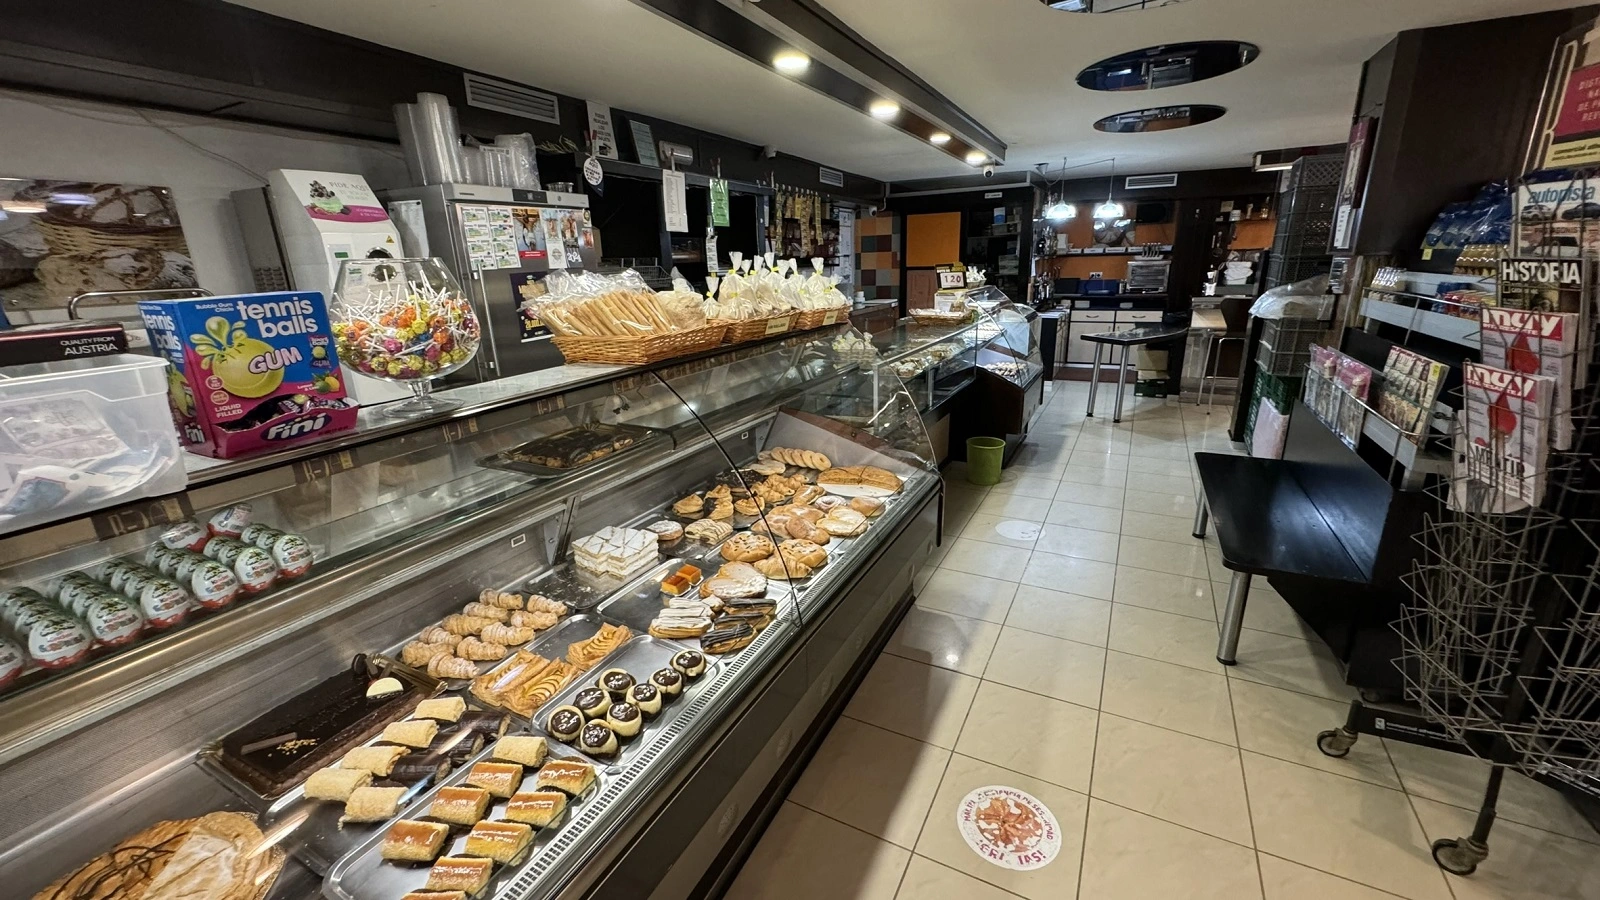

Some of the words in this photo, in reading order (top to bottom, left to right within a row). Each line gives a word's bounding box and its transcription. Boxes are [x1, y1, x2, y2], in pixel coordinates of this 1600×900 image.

[1528, 184, 1596, 205] autopista
[1502, 261, 1580, 284] HISTORIA
[141, 305, 176, 331] tennis
[236, 297, 314, 321] tennis
[258, 316, 319, 338] balls
[60, 336, 93, 346] QUALITY
[93, 335, 116, 343] FROM
[64, 342, 118, 356] AUSTRIA
[153, 330, 182, 351] balls
[248, 347, 303, 374] GUM
[1466, 365, 1536, 397] muy
[214, 403, 241, 412] LIQUID
[216, 409, 243, 418] FILLED
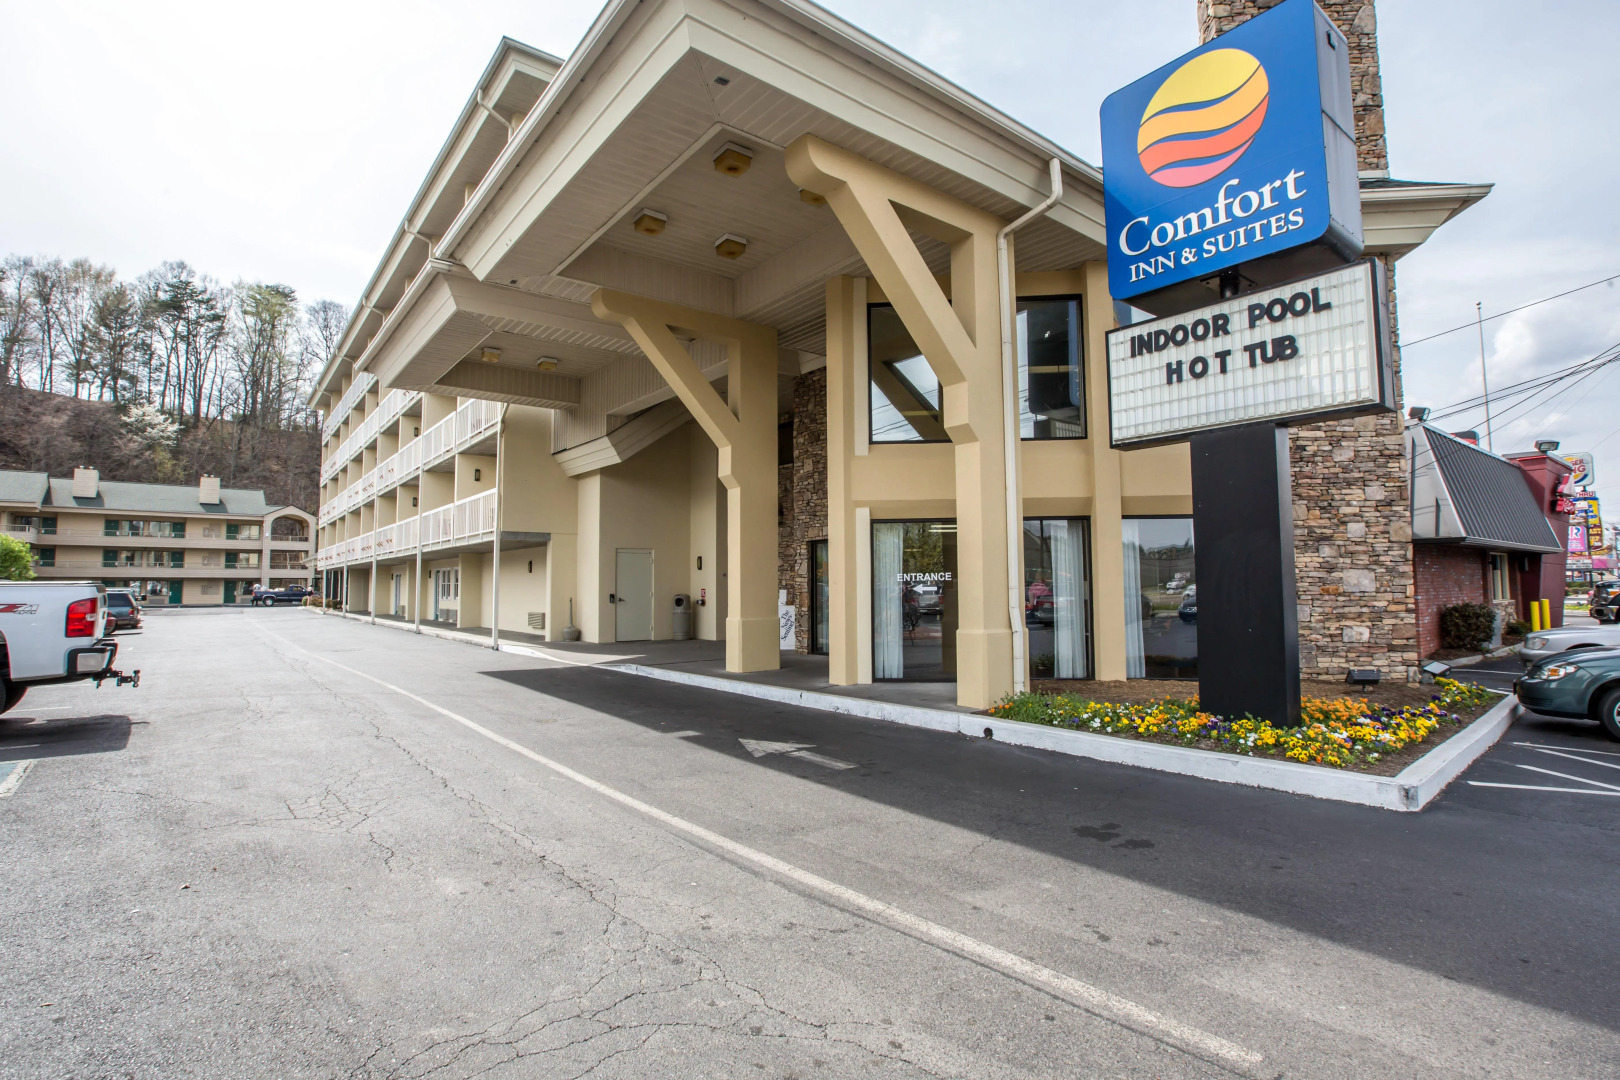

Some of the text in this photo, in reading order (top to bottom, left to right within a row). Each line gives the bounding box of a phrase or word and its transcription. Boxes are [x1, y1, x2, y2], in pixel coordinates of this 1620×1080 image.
*-*-*
To do »
Transcribe every entry above exactly as it stands, but skip the images.

Task solution »
Some of the words in this photo, in reading order (top to bottom, left to right within a row). Each line gives a word's bounding box and its transcription. Boxes are [x1, y1, x2, y2], in pixel coordinates of this 1600×900 image.

[1528, 184, 1596, 205] autopista
[1502, 261, 1580, 284] HISTORIA
[141, 305, 176, 331] tennis
[236, 297, 314, 321] tennis
[258, 316, 319, 338] balls
[60, 336, 93, 346] QUALITY
[93, 335, 116, 343] FROM
[64, 342, 118, 356] AUSTRIA
[153, 330, 182, 351] balls
[248, 347, 303, 374] GUM
[1466, 365, 1536, 397] muy
[214, 403, 241, 412] LIQUID
[216, 409, 243, 418] FILLED

Some of the text in this photo, in reading order (top to bottom, left to right within a row). Each line gives the bounding box of a phrase or word and its transcription. Boxes are [x1, y1, x2, y2], in pixel coordinates of this 1620×1080 image.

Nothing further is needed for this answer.